Decoding eyes at school
Forget WiFi, We Can Only Survive On EyeFi
Radhika Agarwal, AIS Vas 1, X D
If we stare too long, people assume their entire existence is being judged; blinking too much, makes us appear like walking catastrophes. Humans once used their eyes to detect predators. Now we use ours to detect awkwardness, threat, drama, and most importantly, whether a surprise test is coming. Here are some eye-conic instances from school, guaranteed to make you roll your eyes, respectfully.
Bestie telepathy
One glance at your best friend and they immediately know everything, from how you are begging to escape history class to how desperately you are counting minutes till lunch. One glance and you know you are ‘in the same boat, except this boat is sinking rapidly.
“Save me!” stare
A surprise test lands like a meteor. Students silently scream, “What!” Eyes shoot across the room, exchanging answers without a sound. Morse code is outdated. Gen Z invented the blink code. One blink means “help.” Two blinks mean “What is question three?” Three blinks mean “goodbye forever.”
Last looks
The final bell rings. Bags zip at lightning speed. Everyone’s eyes meet in a silent celebration. Another day survived. No speech or confetti cannons required.
Parental glares
Parents return home after assigning tasks. Spoiler: none were completed. Instead, the room resembles a natural disaster. Their fiery eyes meet with our cheerful ones. We instantly transform into startled pigeons.
Looking at late-comers
Every class has one latecomer who arrives with a new excuse daily. “My dog ate my timetable,” “A black cat crossed the road,” Teachers no longer react. Their eyeroll alone says, “Try harder, please.”
Hope. Then Maths.
A boring mathematics class is underway when news spreads. “Substitute teacher!” Hope rises instantly. Students exchange bright glances until the substitute says the dreaded, “Open your textbook.” Silence. Hope destroyed beyond repair.
The fake stare
This is survival at its finest. You maintain intense eye contact with the teacher so they never call on you to solve mind-numbing trigonometry equations or explain the Russian Revolution. Your glare convinces the teacher of your (feigned) focus.
Looking for answers
You are mid-presentation when your brain crashes.
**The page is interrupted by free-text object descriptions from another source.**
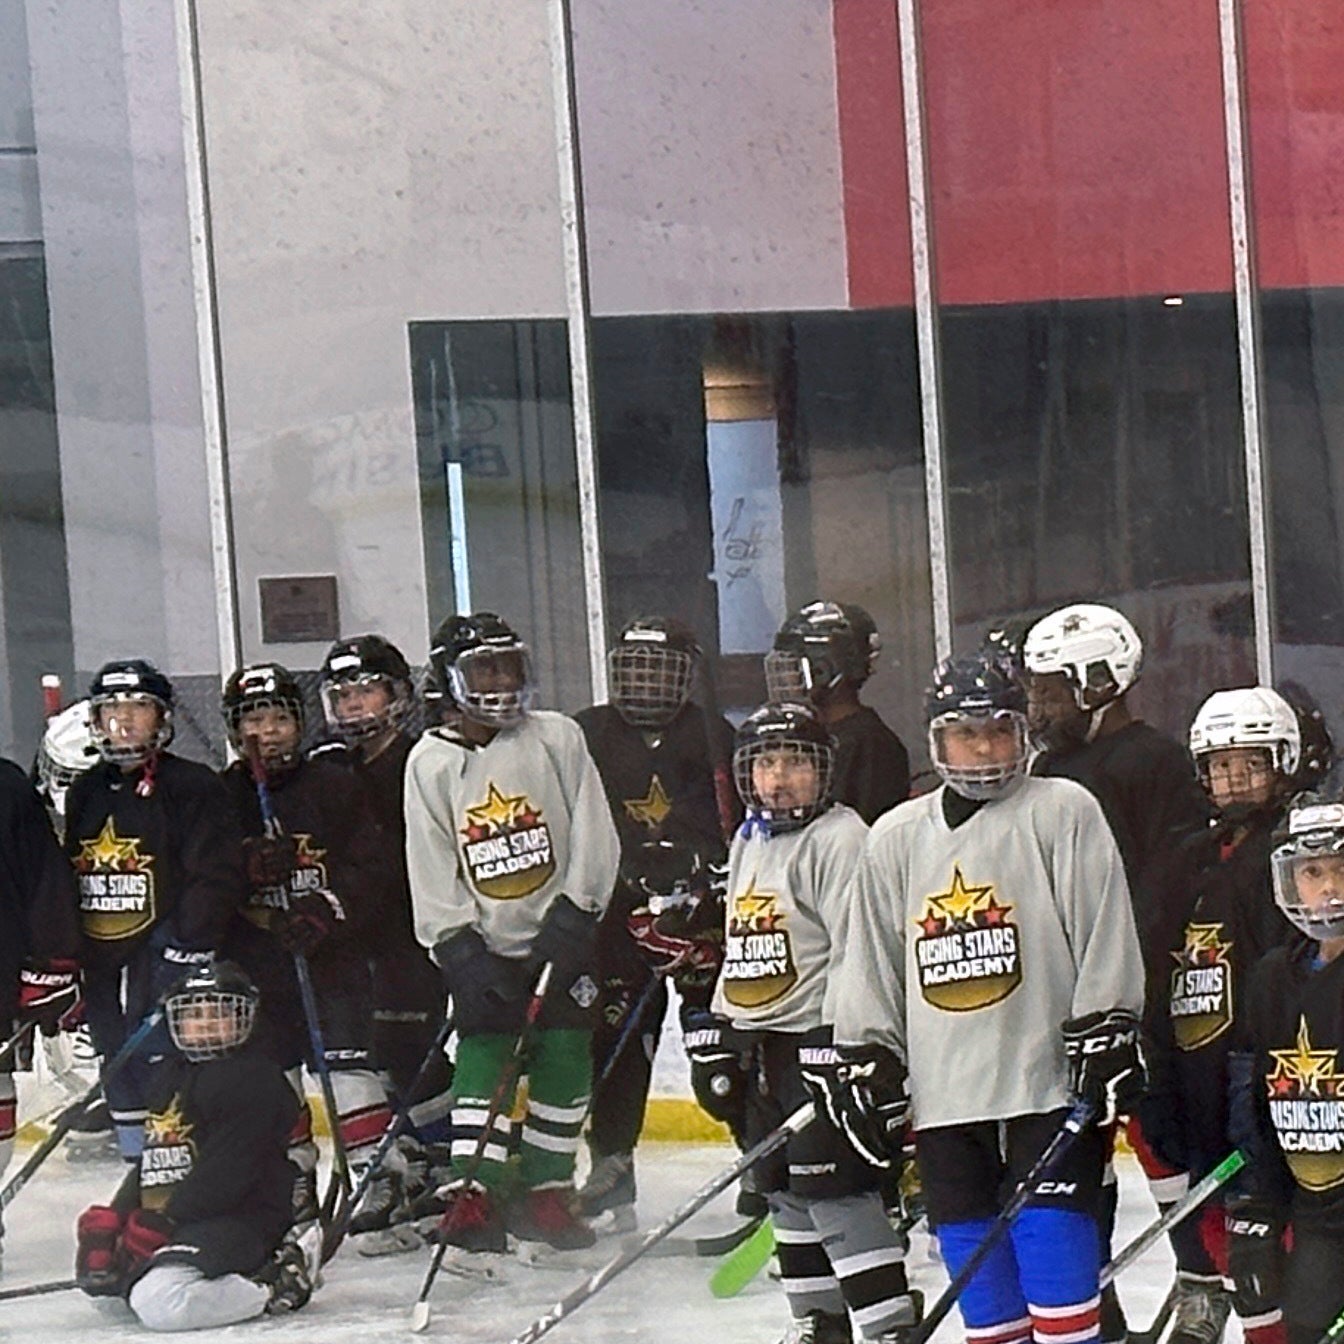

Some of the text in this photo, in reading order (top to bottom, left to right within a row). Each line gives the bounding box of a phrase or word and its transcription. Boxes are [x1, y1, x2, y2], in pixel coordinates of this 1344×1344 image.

[510, 826, 550, 858] STARS
[475, 850, 552, 881] ACADEMY
[108, 874, 147, 896] STARS
[744, 933, 787, 961] STARS
[919, 926, 1016, 967] RISING STARS
[924, 955, 1017, 986] ACADEMY
Blank. You stare at your friend, hoping for rescue. You start blinking rapidly, building up for a typical, “There’s something in my eye” excuse, but truly, you are begging for help.
Eye contact became the strongest subject in school. No notes, no lectures, only chaos and unspoken communication. Scientists may call it body language. Students call it survival. And if eye contact were a real academic subject, we would all be toppers for sure.